*Exercise instructions*: Your copy must start with the line containing "this 2352×1568 image." and end with the last line of the entries, matching them exactly and leaving out every picture.

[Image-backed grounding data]
»»

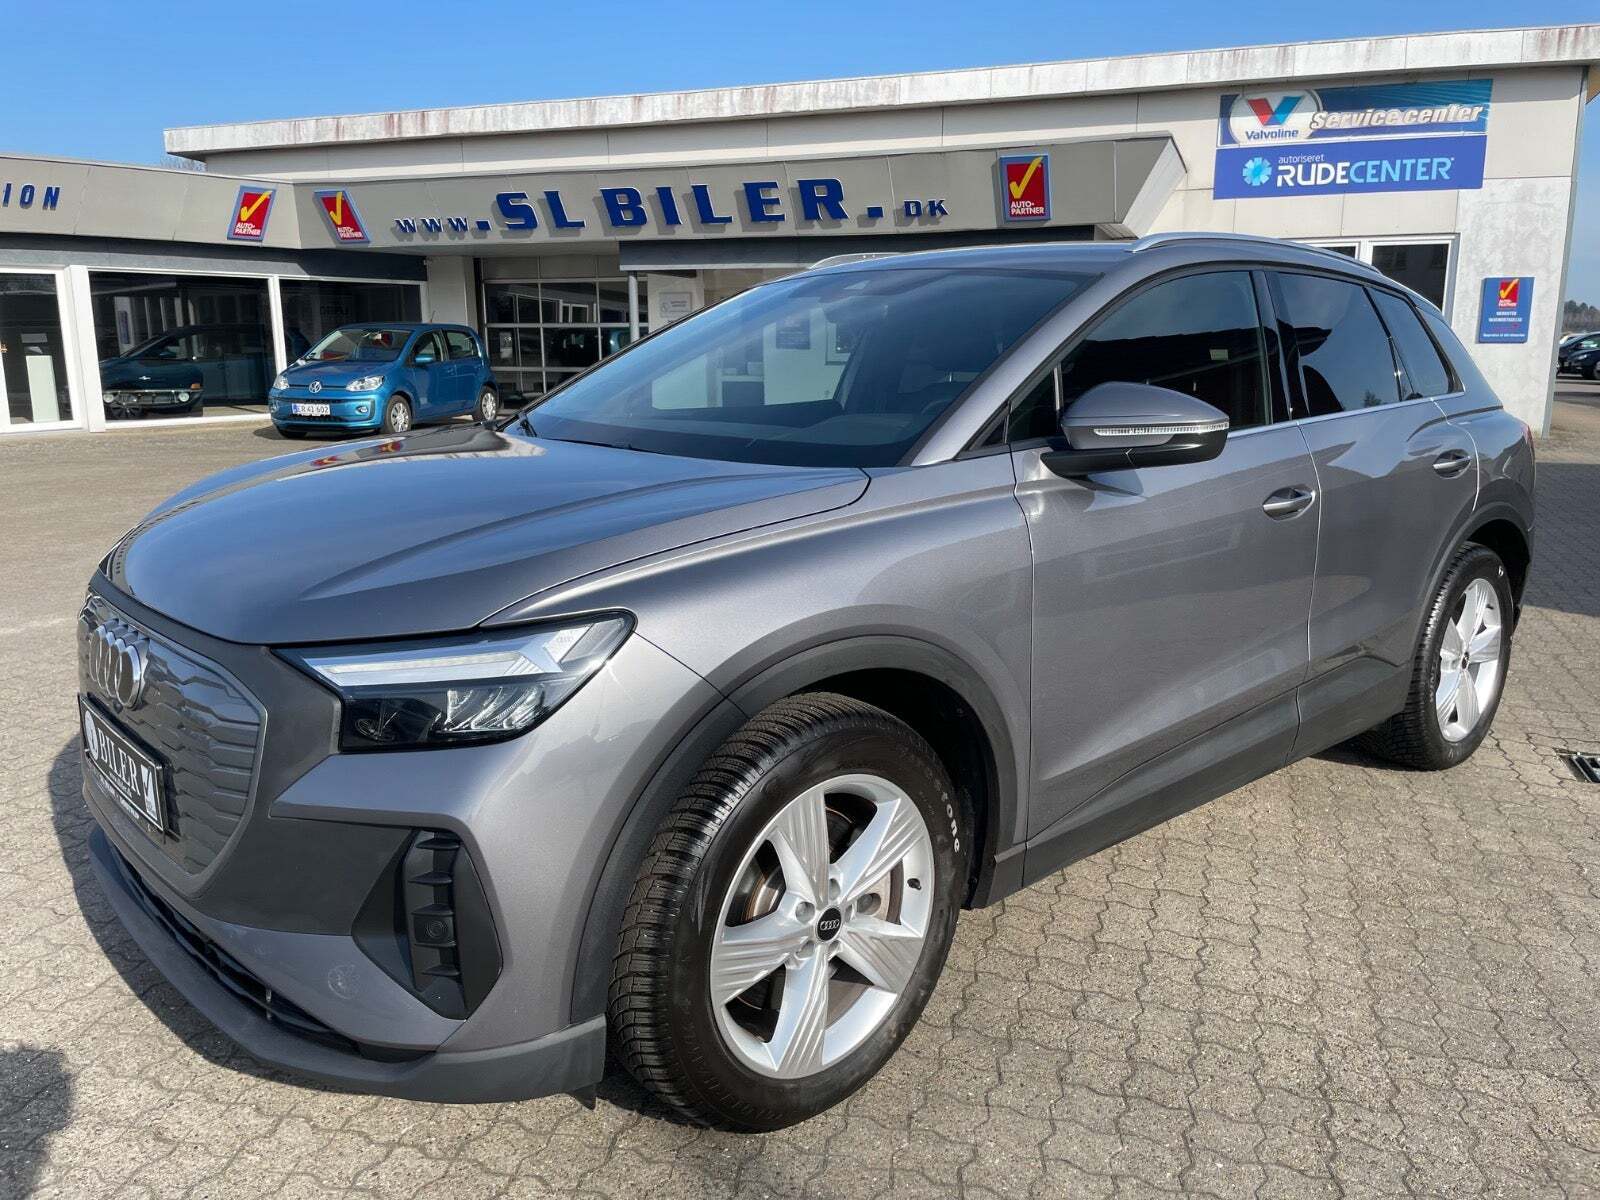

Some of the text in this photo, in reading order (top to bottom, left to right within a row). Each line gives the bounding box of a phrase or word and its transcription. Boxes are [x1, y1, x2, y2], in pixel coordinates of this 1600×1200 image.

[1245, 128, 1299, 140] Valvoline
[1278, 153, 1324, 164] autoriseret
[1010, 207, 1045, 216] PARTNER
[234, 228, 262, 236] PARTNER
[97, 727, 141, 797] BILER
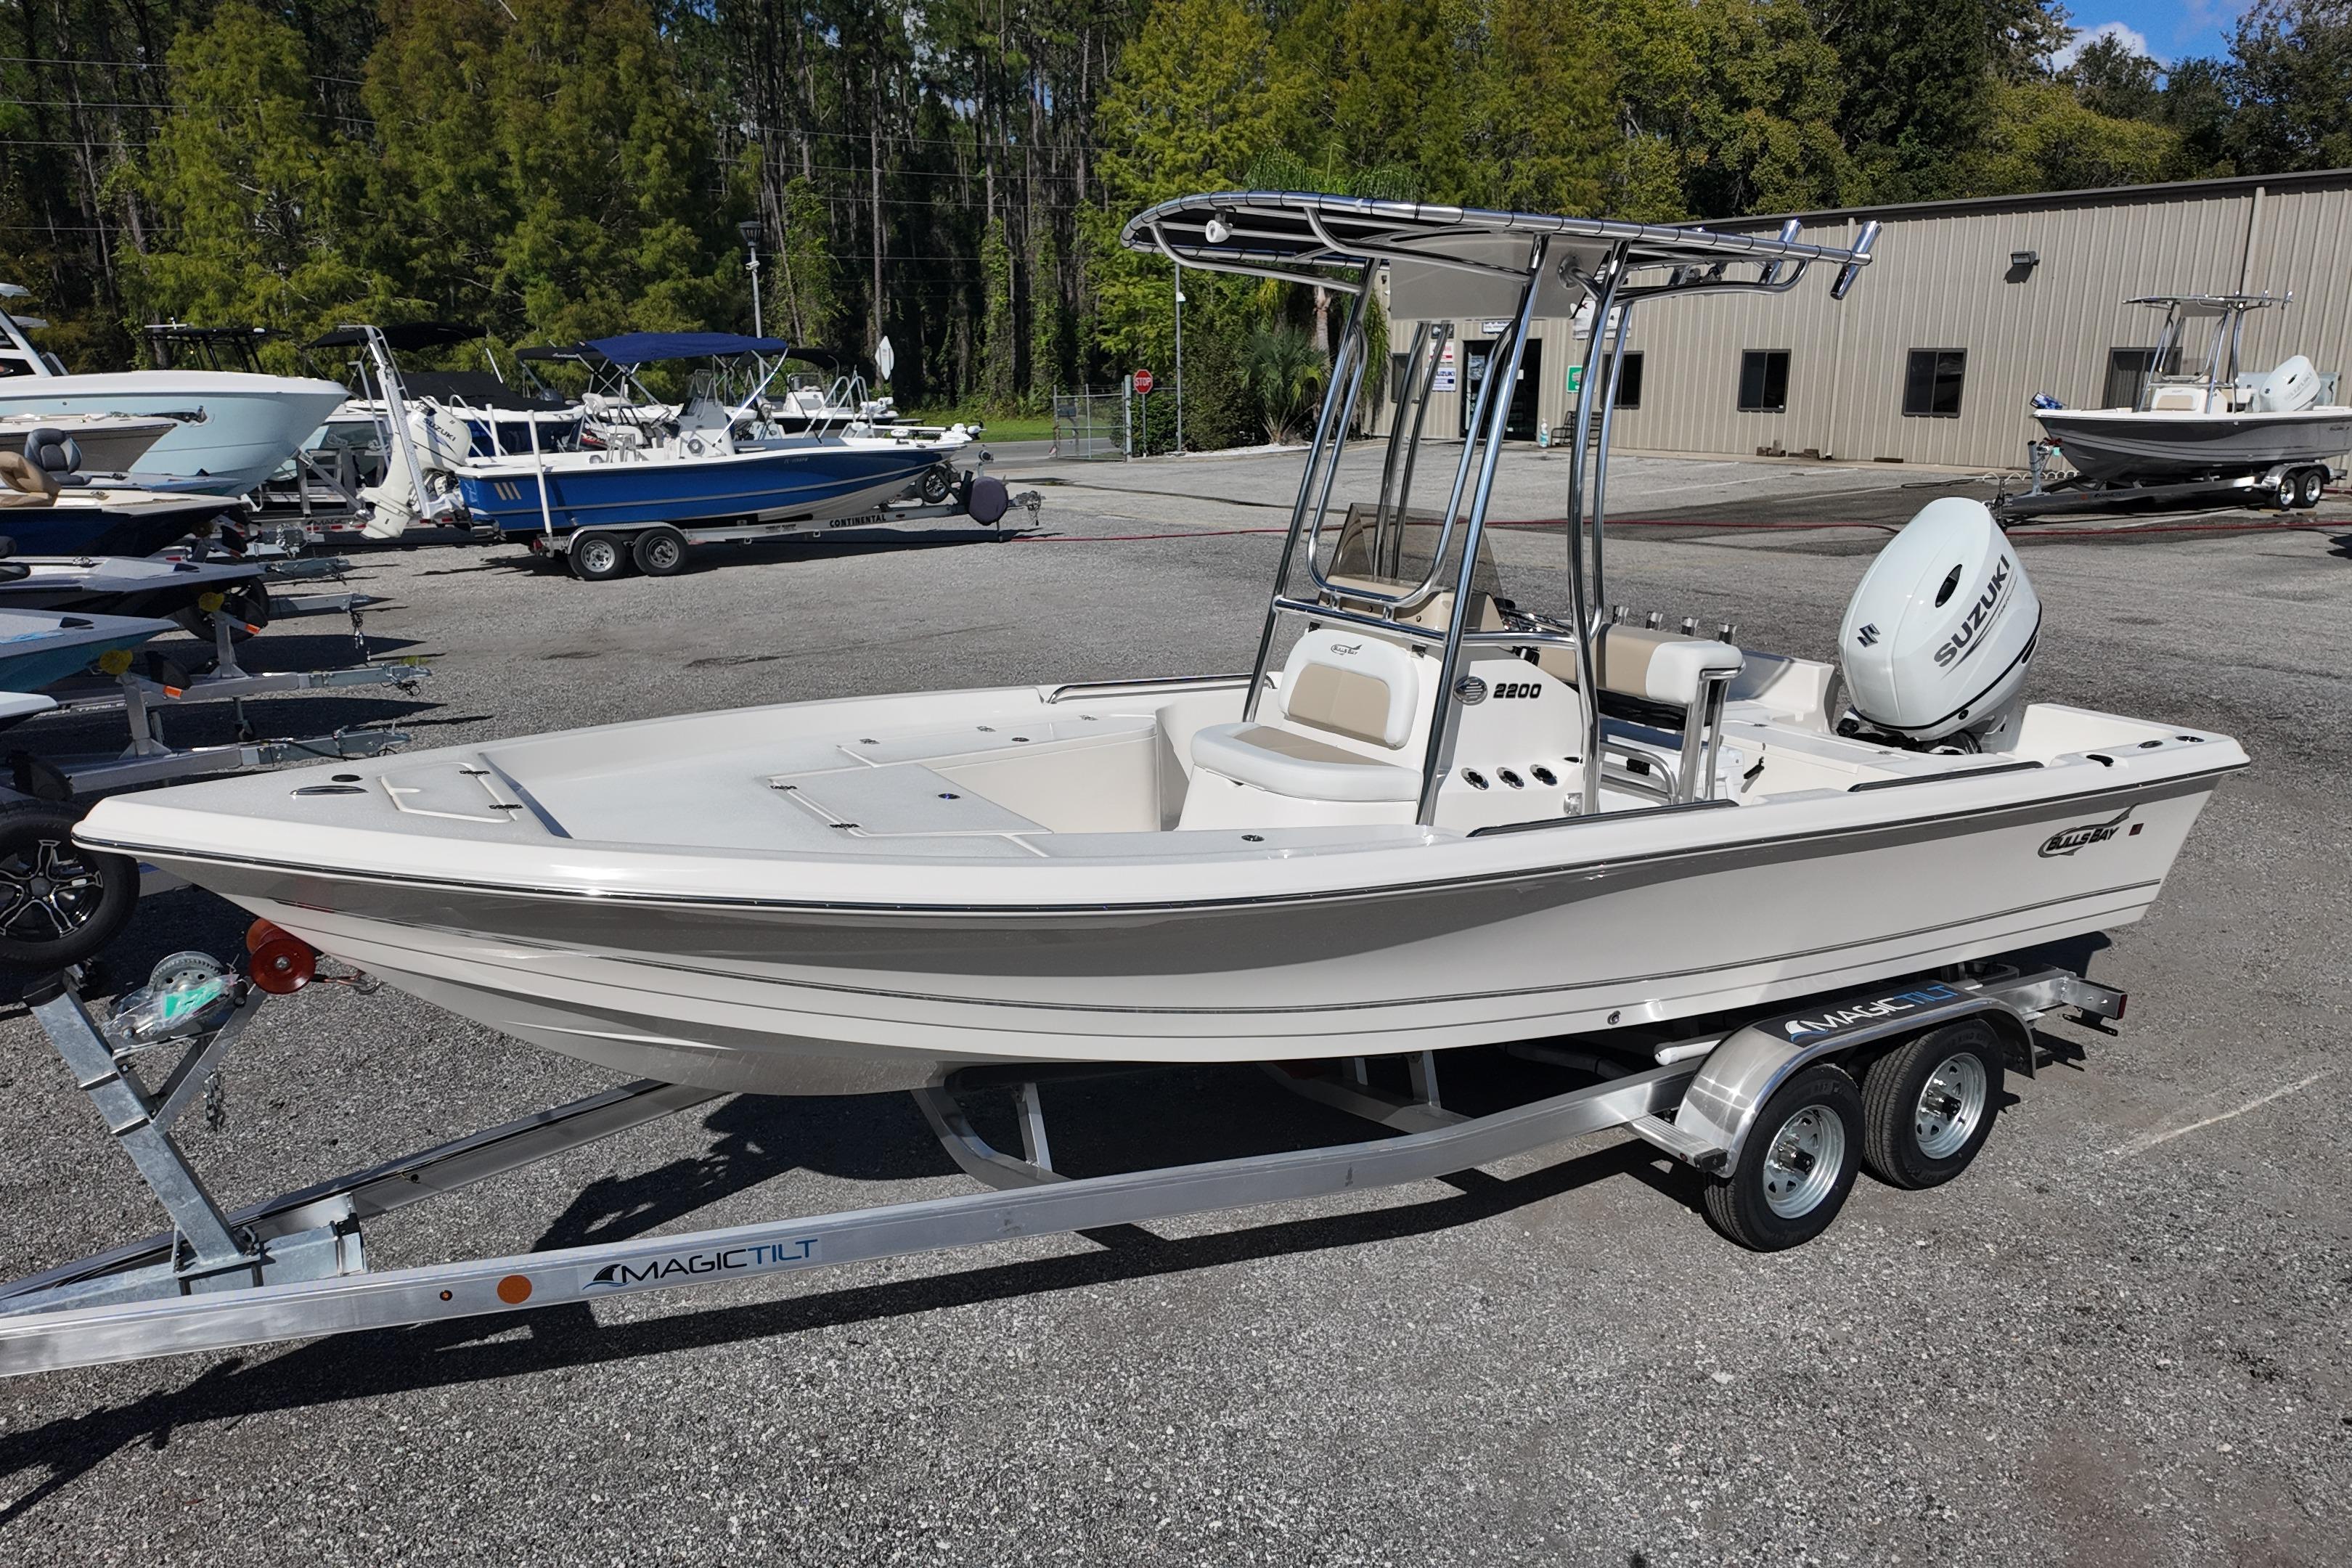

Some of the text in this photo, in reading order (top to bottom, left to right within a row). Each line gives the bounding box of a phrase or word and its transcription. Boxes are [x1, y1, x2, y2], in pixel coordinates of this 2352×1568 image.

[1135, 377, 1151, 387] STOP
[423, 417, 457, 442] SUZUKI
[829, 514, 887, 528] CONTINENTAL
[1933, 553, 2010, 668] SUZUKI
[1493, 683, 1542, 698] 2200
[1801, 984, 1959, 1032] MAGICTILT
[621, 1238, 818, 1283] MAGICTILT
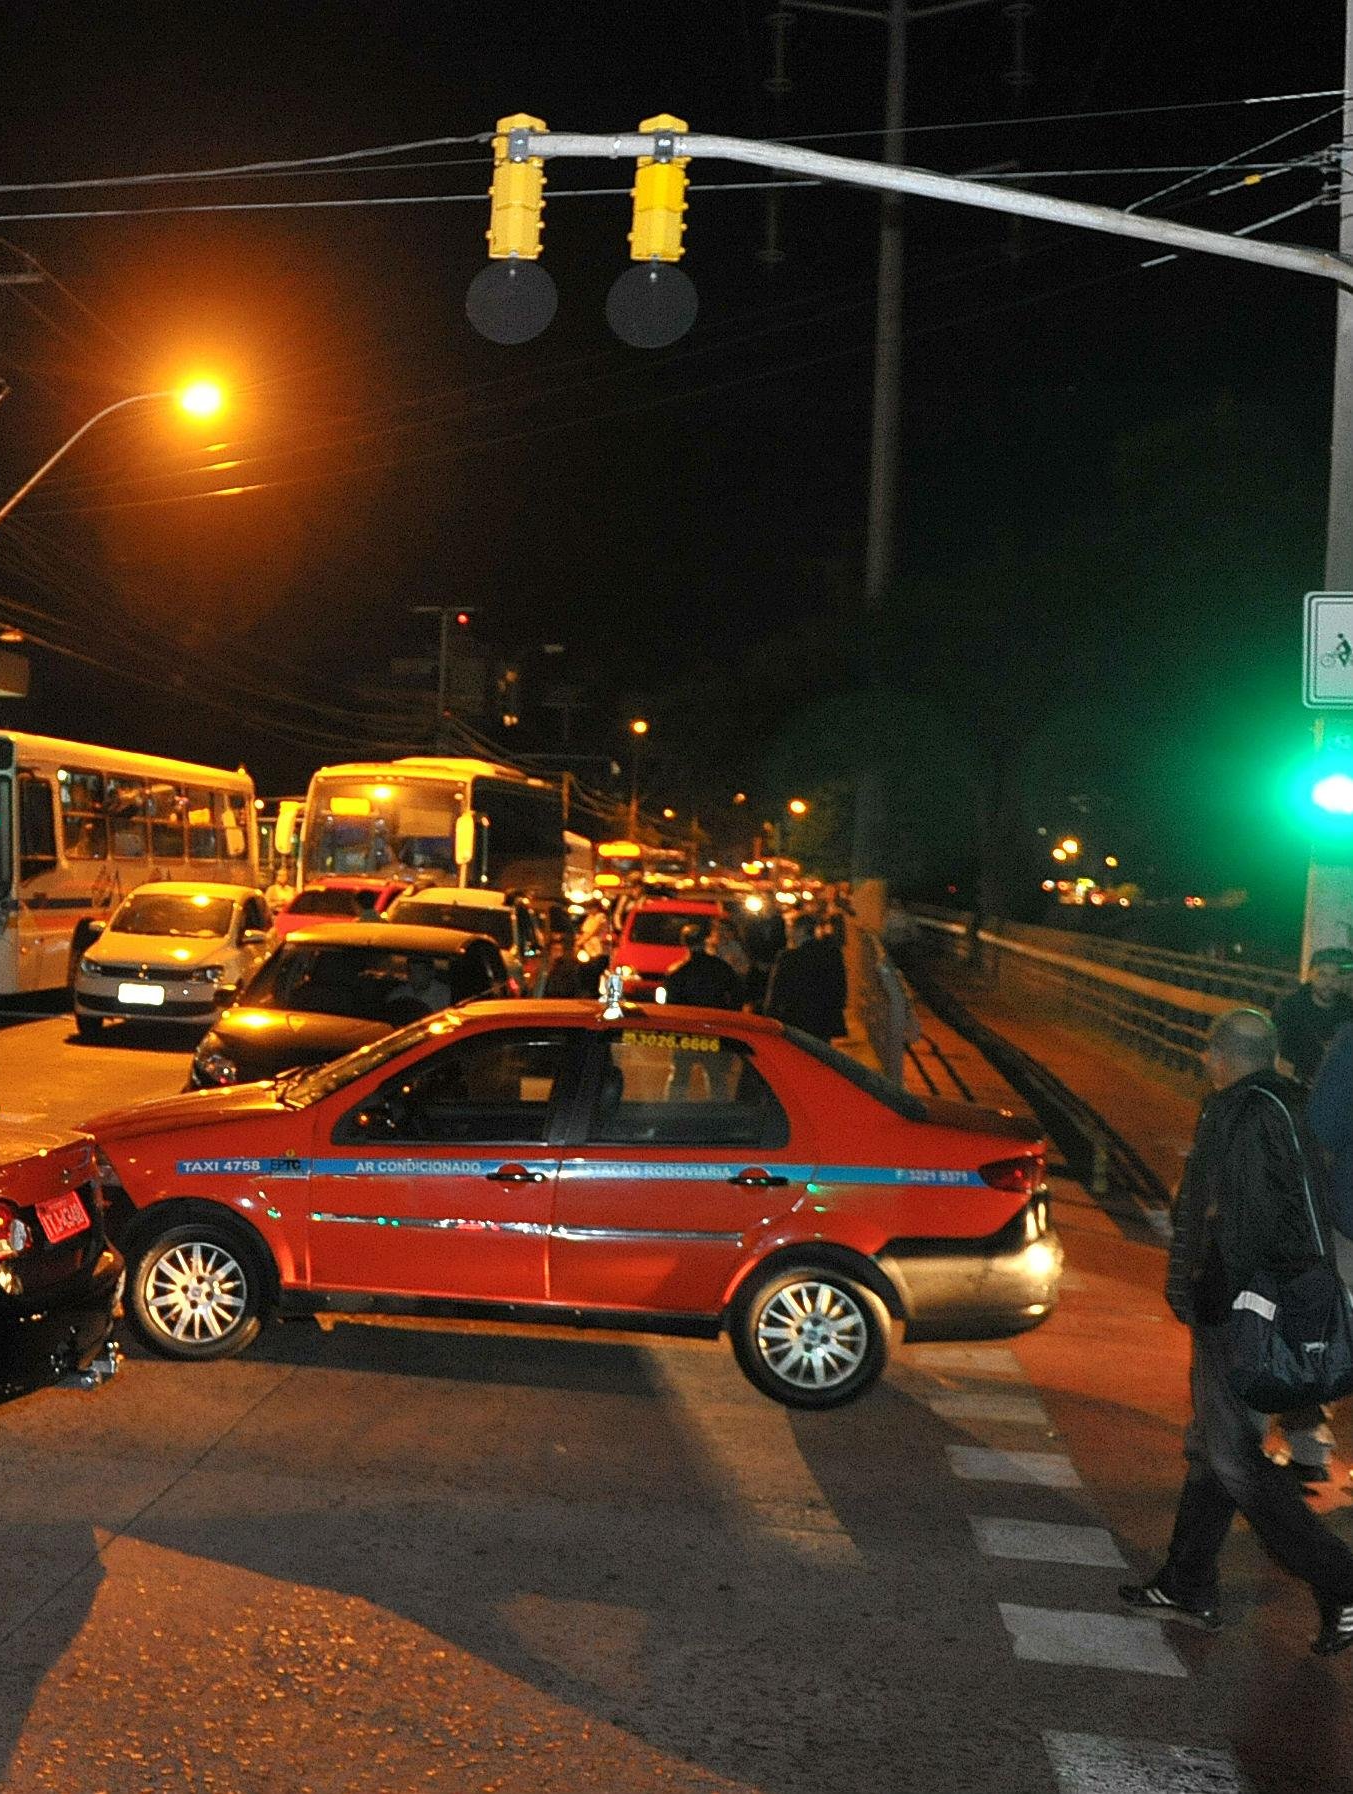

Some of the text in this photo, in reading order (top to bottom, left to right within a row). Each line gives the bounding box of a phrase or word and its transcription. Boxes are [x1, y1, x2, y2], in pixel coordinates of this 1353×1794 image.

««

*Task answer*:
Some of the text in this photo, in reading order (top to bottom, left to right within a row). Each line gives the bounding box of a phrase or word and its transcription. Boxes are [x1, y1, x2, y2], in pixel coordinates of this 2352×1568 image.

[1135, 377, 1151, 387] STOP
[423, 417, 457, 442] SUZUKI
[829, 514, 887, 528] CONTINENTAL
[1933, 553, 2010, 668] SUZUKI
[1493, 683, 1542, 698] 2200
[1801, 984, 1959, 1032] MAGICTILT
[621, 1238, 818, 1283] MAGICTILT

Some of the text in this photo, in reading order (top to bottom, left to right within a row). Each line gives the bounding box of a phrase or word and its transcription. Boxes are [x1, y1, x2, y2], in pixel coordinates of this 1353×1794 image.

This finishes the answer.